Mantras don't get you through an ultramarathon, g-d does
Reflections on racing 50 desert miles with my team
There’s no room for lying in sports
I remember the brutal honesty of the truth of the first Tribal Training Team Ultra Experience. Zion National Park in Utah, 10 committed athletes all looking for individual glory through a team victory in a 100 mile ultramarathon in the desert.
We set out with one singular goal, start as 10, move as 10, finish as 10. In the end, only 3 made it across the line. Despite this result, we mined the experience for deep meaning and each individual on the team found a personal breakthrough in the camaraderie and struggle of the challenge in real time.
We won big. Facts.
But we also didn’t come close to our original goal. Also Facts.
Rather than hide from the truth and make excuses, Tribal Training head coach and founder
and I spent the last 10 months probing deep inside ourselves, our plans, our intentions, and our experiences.All of that soul searching led us to Cave Creek Arizona this past weekend with 13 athletes, 2 pacers, and 1 amazing crew/photographer/videographer to take down the Elephant Mountain 50 miler as a team.
Back to the desert we went. But with different purpose, different conviction, different aim, and ultimately an entirely different experience and result.
This isn’t going to be a ‘race recap’ article. We recorded a 2+ hour team podcast the day after the race that covers the experience. Check out the ‘Tribal Training’ podcast for all your listening needs
This is another experiment in mining the experience for meaning and deep understanding. This is real life athletic philosophy. So let me take behind the curtain of our hearts and minds to bring you inside the amazing ideals we’re living out on the team by taking on these epic adventures together.
Aim is always most important
My biggest takeaway from last year’s team ultra was the need to focus more on mindset and camaraderie in preparing for the race.
I believe each sport calls forth different virtues, and Zion represented a tactical approach to a larger spiritual challenge.
What gear are we using?
How much fuel and when dominated our team discussions going into the race.
What was our drop bag strategy?
While good questions, they missed the mark.
At the end of the day a 100 mile ultra is about guts. It’s not about a perfectly executed plan, it’s about figuring out how you can keep moving forward when everything is seemingly going wrong and all you want to do is quit.
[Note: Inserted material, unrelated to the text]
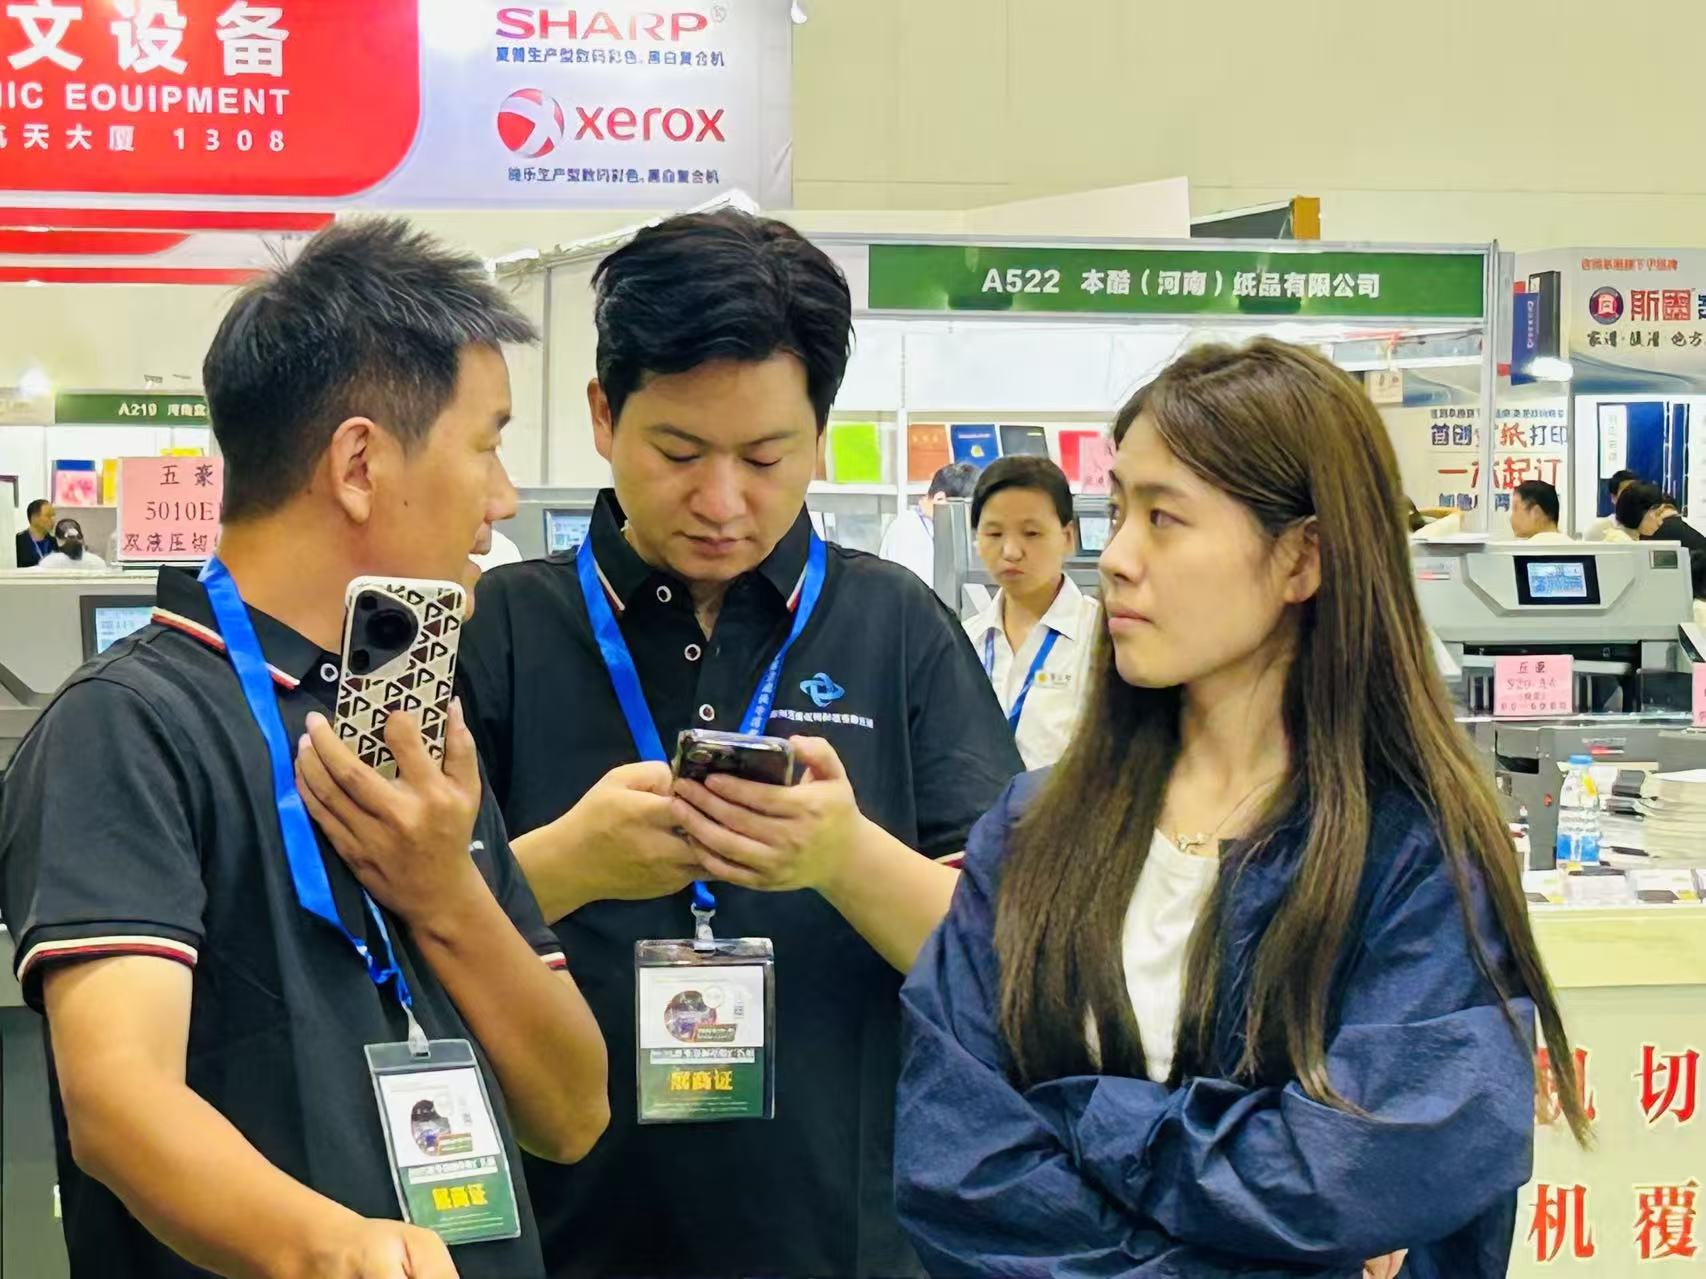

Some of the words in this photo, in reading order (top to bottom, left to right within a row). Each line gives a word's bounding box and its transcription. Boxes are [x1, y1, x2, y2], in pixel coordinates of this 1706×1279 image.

The focus on tactics turned the team into a collection of ace mercenaries brought together to complete a task. That might sound harsh, but it was a bit true. We had 2 months of group calls on zoom so we weren’t strangers. We had a private telegram channel where we posted our workouts and saw each member hit the same training milestones. And we bonded well in the team house before the race as well.
This created a sense of shared experience, but not deep bonds of team unity. It turns out, we relied on the pressure of the contest to produce moments of camaraderie, in those times of deep struggle we thought we’d be able to find the strength to pull together and get the job done.
Not only did we make some tactical mistakes but we completely miscalculated the emotional and spiritual demands we placed on individuals on the team. We didn’t have a true sense of shared struggle to rely upon in those dark moments of adversity that challenged us far earlier that we thought.
It ended up taking our feet our from under us and was a main contributing factor to 5 of 9 athletes bowing out at the 51.8 aid station, just over half the race distance (1 of the athletes had to pull out on race eve due to illness, you always need some luck to get to the start line). All the focus on tactics made us miss the true mark. And when things got hard, we didn’t have the right ammo to fire back.
Remember, mantras don’t get you through a 100 mile trail race.
The power of the OPEN HEART
Things were different this time. We set out with the right intentions. Instead of trying to bring all of our minds together to solve the challenge, we started tying people’s hearts together through shared struggle, vulnerability, and understanding.
Our team calls were entirely different. Gone were the struggle sessions around fueling protocols, in were deep prompts about fear, wonder, and intention.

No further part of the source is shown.